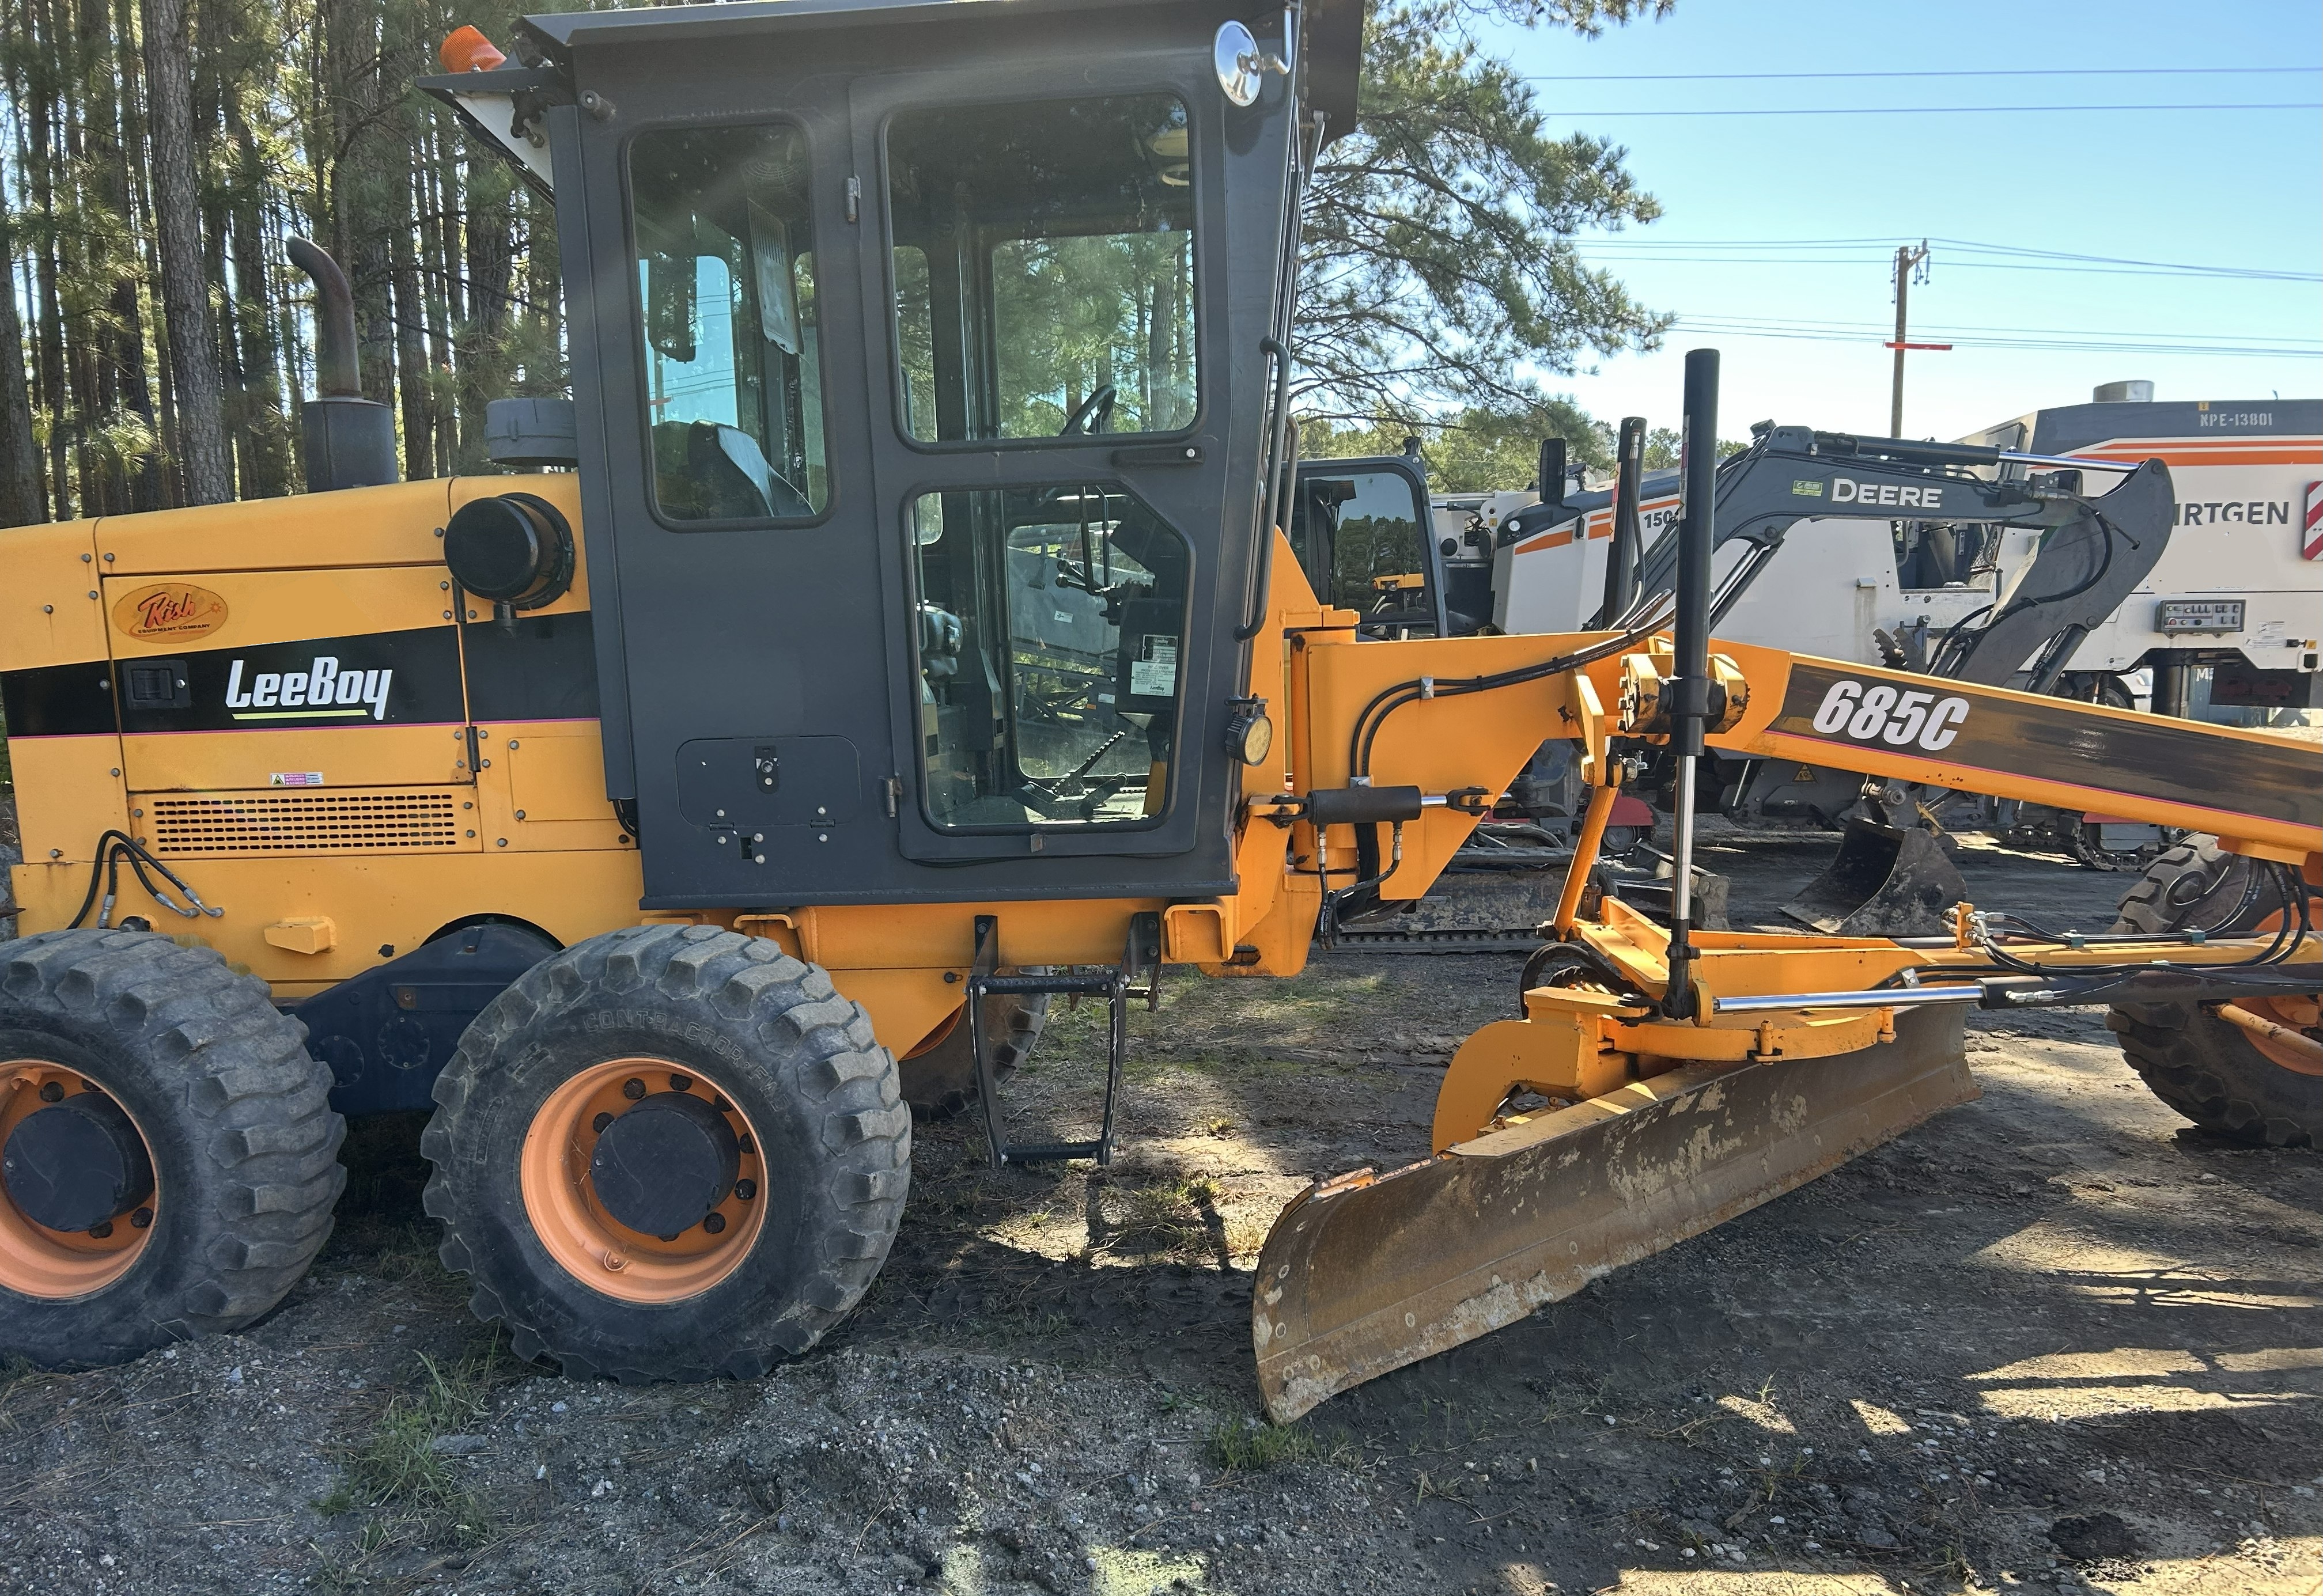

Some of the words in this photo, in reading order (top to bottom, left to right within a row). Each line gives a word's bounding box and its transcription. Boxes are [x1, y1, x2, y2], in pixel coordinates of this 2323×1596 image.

[2200, 413, 2272, 427] NPE-13801
[1832, 478, 1942, 508] DEERE
[2172, 502, 2290, 526] IRTGEN
[138, 592, 196, 628] Rish
[138, 626, 176, 634] EQUIPMENT
[225, 657, 393, 721] LeeBoy
[1813, 680, 1969, 751] 685C
[582, 1010, 744, 1067] CONTRACTOR
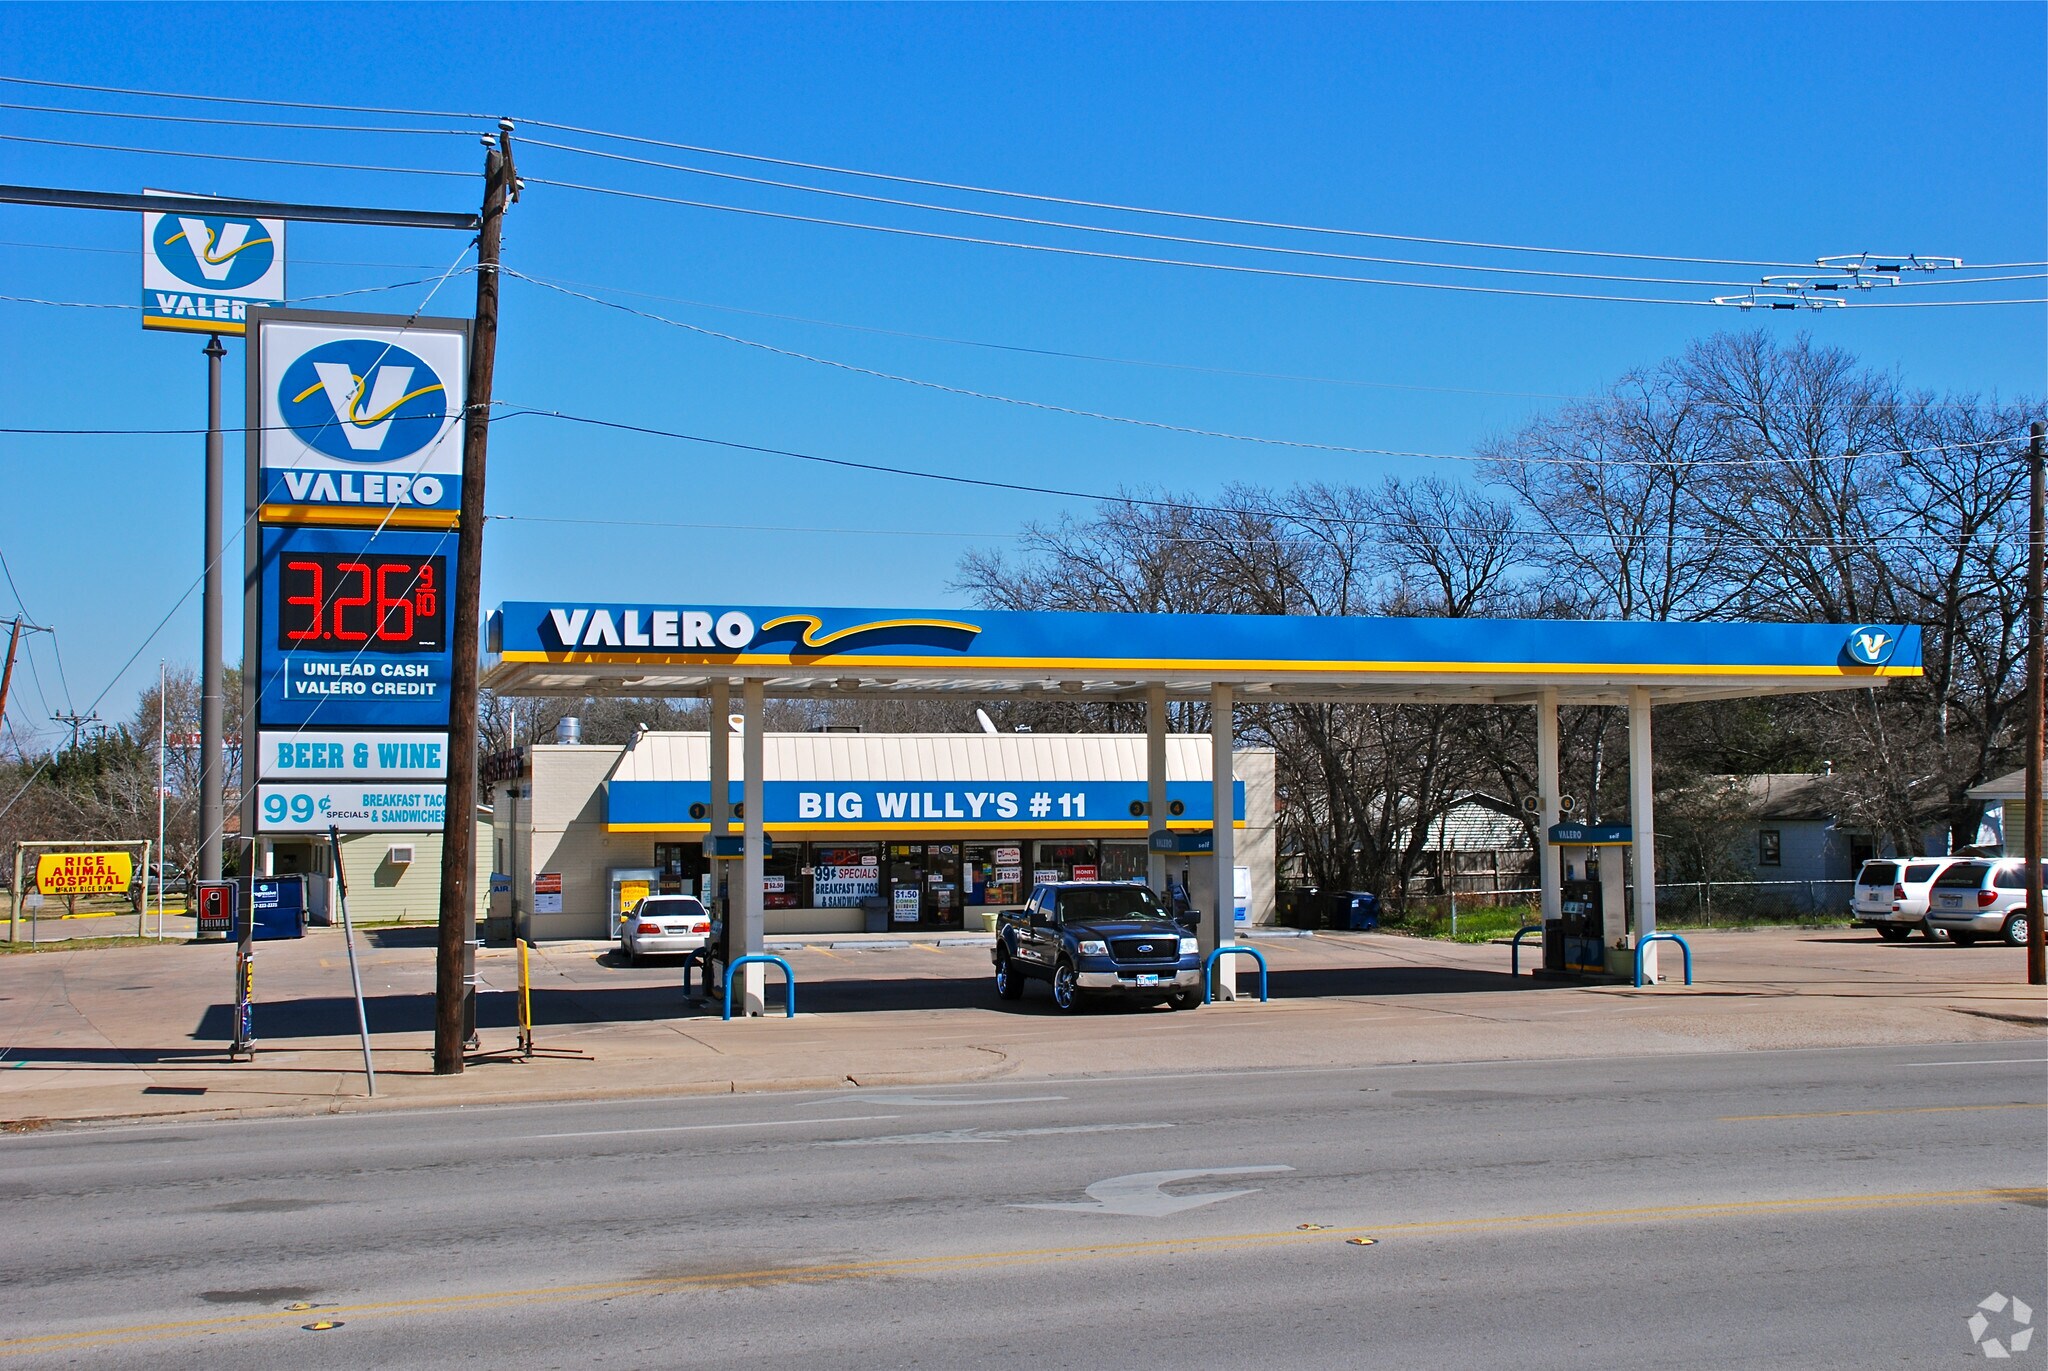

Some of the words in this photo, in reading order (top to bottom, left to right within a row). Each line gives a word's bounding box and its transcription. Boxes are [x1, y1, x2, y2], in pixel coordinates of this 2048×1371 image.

[156, 293, 270, 321] VALER
[283, 471, 444, 505] VALERO
[287, 562, 414, 641] 3.26
[550, 608, 755, 648] VALERO
[303, 663, 376, 676] UNLEAD
[380, 664, 429, 677] CASH
[295, 681, 367, 694] VALERO
[371, 682, 437, 695] CREDIT
[278, 743, 344, 769] BEER
[353, 743, 368, 769] &
[377, 743, 441, 769] WINE
[362, 794, 419, 807] BREAKFAST
[799, 792, 863, 818] BIG
[876, 792, 1018, 819] WILLY'S
[264, 793, 332, 824] 99¢
[326, 811, 369, 819] SPECIALS
[371, 809, 379, 823] &
[1558, 830, 1582, 839] VALERO
[1198, 841, 1211, 849] self
[65, 856, 104, 866] RICE
[53, 866, 116, 876] ANIMAL
[839, 868, 878, 878] SPECIALS
[1003, 872, 1019, 880] $2.99
[45, 875, 124, 887] HOSPITAL
[815, 883, 853, 894] BREAKFAST
[856, 883, 878, 894] TACOS
[895, 890, 917, 898] $1.50
[821, 896, 827, 907] &
[828, 896, 870, 907] SANDWICH
[200, 919, 230, 928] FUELMAN

......

» **TASK TO CARRY OUT**
The expected answer is a word-for-word copy of every line from the one that contains "this 2048×1371 image." through the final line of the material.

» **RESULT OF THE TASK**
Some of the words in this photo, in reading order (top to bottom, left to right within a row). Each line gives a word's bounding box and its transcription. Boxes are [x1, y1, x2, y2], in pixel coordinates of this 2048×1371 image.

[156, 293, 270, 321] VALER
[283, 471, 444, 505] VALERO
[287, 562, 414, 641] 3.26
[550, 608, 755, 648] VALERO
[303, 663, 376, 676] UNLEAD
[380, 664, 429, 677] CASH
[295, 681, 367, 694] VALERO
[371, 682, 437, 695] CREDIT
[278, 743, 344, 769] BEER
[353, 743, 368, 769] &
[377, 743, 441, 769] WINE
[362, 794, 419, 807] BREAKFAST
[799, 792, 863, 818] BIG
[876, 792, 1018, 819] WILLY'S
[264, 793, 332, 824] 99¢
[326, 811, 369, 819] SPECIALS
[371, 809, 379, 823] &
[1558, 830, 1582, 839] VALERO
[1198, 841, 1211, 849] self
[65, 856, 104, 866] RICE
[53, 866, 116, 876] ANIMAL
[839, 868, 878, 878] SPECIALS
[1003, 872, 1019, 880] $2.99
[45, 875, 124, 887] HOSPITAL
[815, 883, 853, 894] BREAKFAST
[856, 883, 878, 894] TACOS
[895, 890, 917, 898] $1.50
[821, 896, 827, 907] &
[828, 896, 870, 907] SANDWICH
[200, 919, 230, 928] FUELMAN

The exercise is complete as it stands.